Em Feijó, mãe de bebê que morreu no parto ganha direito a indenização de R$ 50 mil do Estado do Acre

A 1ª Câmara Cível do Tribunal de Justiça do Acre decidiu, à unanimidade, confirmar a obrigação do Estado do Acre em indenizar uma mãe em R$ 50 mil, pelo óbito

A 1ª Câmara Cível do Tribunal de Justiça do Acre decidiu, à unanimidade, confirmar a obrigação do Estado do Acre em indenizar uma mãe em R$ 50 mil, pelo óbito de seu filho recém-nascido. A decisão foi publicada na edição n° 7.194 do Diário da Justiça Eletrônico (pág. 3 e 4), de quinta-feira, dia 1° de dezembro.

Na apelação, o ente público recorreu contra a sentença, alegando a ausência de negligência, imprudência ou imperícia dos profissionais de saúde de Feijó, assim apontando que o óbito decorreu de um caso fortuito.

Na versão da mãe e testemunhas, a paciente foi atendida e recebeu a indicação da cesariana, mas o procedimento não foi realizado por falta de profissional médico habilitado, então recebeu alta. No dia seguinte, ocorreu sangramento e foi atendida no hospital de Tarauacá, quando a criança foi retirada emergencialmente.

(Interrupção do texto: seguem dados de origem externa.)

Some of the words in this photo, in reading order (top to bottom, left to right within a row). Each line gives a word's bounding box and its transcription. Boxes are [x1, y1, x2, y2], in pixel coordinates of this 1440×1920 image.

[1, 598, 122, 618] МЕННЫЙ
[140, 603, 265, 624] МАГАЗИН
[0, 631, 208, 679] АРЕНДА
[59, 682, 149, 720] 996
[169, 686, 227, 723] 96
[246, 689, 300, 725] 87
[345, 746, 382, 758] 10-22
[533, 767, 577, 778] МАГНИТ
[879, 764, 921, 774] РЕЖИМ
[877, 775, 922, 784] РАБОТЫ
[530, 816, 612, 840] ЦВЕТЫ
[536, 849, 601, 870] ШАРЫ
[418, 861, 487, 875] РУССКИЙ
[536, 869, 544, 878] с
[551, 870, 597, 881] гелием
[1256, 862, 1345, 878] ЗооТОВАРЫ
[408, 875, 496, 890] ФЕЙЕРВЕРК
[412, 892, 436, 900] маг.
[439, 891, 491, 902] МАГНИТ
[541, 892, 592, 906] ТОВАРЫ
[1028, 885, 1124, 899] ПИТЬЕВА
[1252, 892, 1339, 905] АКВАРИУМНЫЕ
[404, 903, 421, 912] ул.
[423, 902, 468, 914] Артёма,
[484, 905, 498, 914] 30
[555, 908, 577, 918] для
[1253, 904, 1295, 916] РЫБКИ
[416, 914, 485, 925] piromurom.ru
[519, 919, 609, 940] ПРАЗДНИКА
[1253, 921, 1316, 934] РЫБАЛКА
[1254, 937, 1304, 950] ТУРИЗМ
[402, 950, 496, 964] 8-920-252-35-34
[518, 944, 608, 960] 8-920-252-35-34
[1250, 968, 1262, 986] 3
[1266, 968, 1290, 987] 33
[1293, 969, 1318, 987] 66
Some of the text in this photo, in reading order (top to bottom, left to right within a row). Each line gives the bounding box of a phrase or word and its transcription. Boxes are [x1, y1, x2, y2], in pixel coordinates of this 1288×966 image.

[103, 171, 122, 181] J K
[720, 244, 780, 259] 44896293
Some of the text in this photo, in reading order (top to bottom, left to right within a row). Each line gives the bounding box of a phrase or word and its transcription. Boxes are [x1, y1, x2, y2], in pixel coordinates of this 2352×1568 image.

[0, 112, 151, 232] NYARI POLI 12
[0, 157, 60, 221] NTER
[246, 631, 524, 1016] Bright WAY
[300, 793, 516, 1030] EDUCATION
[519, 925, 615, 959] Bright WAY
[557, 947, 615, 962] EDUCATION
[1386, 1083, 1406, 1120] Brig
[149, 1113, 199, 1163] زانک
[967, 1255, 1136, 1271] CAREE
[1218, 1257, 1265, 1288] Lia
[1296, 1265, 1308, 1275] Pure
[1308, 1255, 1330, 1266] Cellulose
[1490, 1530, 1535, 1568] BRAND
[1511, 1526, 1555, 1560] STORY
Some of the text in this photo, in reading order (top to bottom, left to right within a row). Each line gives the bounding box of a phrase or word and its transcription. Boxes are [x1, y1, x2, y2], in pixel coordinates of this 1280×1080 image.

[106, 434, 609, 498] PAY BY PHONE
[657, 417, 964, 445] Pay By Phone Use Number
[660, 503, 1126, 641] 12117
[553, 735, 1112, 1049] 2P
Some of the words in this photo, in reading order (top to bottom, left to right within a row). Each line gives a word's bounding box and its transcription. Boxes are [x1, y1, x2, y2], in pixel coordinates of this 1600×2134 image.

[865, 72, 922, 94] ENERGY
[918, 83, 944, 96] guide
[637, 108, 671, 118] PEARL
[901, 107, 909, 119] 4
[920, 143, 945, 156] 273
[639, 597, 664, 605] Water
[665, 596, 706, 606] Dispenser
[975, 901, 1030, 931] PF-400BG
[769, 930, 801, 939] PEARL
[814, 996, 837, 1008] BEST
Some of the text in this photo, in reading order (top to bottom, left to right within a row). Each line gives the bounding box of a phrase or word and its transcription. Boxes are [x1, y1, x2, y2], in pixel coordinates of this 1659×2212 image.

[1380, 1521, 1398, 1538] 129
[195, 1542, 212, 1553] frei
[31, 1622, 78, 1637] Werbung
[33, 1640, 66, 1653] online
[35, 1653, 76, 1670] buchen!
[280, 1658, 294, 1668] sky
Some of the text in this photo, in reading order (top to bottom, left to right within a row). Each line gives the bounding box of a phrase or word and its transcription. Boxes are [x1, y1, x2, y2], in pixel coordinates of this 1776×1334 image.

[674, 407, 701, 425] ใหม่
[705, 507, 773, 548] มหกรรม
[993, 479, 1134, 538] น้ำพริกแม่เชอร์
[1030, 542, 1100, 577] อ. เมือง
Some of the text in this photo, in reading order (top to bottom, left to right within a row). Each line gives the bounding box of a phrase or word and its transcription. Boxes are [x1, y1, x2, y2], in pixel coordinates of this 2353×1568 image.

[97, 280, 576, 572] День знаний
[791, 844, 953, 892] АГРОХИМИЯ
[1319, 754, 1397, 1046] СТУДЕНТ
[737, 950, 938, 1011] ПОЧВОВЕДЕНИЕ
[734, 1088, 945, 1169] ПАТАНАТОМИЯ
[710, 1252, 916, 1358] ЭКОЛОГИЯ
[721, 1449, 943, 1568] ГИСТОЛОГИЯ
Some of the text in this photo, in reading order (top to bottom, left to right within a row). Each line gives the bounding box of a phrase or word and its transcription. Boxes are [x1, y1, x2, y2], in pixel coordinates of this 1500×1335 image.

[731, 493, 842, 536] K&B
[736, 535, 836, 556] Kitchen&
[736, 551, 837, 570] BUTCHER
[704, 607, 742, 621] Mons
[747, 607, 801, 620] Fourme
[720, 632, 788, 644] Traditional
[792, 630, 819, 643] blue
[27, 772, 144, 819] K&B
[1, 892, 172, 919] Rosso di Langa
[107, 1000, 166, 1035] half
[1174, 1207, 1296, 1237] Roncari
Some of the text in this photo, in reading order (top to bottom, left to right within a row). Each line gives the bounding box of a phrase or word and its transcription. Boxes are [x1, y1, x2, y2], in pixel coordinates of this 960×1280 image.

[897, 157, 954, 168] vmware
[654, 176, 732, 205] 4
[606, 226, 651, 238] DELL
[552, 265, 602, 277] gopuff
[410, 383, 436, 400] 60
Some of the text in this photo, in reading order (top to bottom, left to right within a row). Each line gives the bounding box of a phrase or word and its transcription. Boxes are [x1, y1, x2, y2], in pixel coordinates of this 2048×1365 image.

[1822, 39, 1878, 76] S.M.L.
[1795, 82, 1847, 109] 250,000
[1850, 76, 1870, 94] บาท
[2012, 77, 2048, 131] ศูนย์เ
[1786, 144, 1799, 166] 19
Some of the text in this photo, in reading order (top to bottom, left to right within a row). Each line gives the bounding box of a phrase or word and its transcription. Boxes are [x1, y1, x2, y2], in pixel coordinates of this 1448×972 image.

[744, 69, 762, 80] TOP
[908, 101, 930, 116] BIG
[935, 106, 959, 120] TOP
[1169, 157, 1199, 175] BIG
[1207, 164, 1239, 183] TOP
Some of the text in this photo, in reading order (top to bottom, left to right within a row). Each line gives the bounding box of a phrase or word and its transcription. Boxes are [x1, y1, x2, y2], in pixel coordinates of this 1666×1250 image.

De acordo com as informações técnicas, o recém-nascido passou por sofrimento fetal, aspirou líquido amniótico e mecônio. Morreu com um dia de vida e no Atestado de Óbito consta que faleceu por septicemia e pneumonia broncoaspirativa.

Decisão

Os hospitais da rede pública de saúde são obrigados a prestar atendimento médico-hospitalar da forma mais adequada possível à enfermidade dos seus pacientes. Eles têm o dever de oferecer os recursos, condições, eficiência e segurança necessários e compatíveis ao tratamento necessário.

O desembargador Luís Camolez, relator do processo, compreendeu que a assistência médica foi falha e por si só é causa geradora de danos morais passíveis de indenização: “Está muito clara a existência de uma grave falha na prestação do serviço hospitalar, à proporção que, no período em que a gestante esteve sob os cuidados dos profissionais de saúde do hospital público de Feijó/AC, estes foram negligentes em dar alta hospitalar por duas vezes seguidas, mesmo com indicação de cirurgia cesariana”.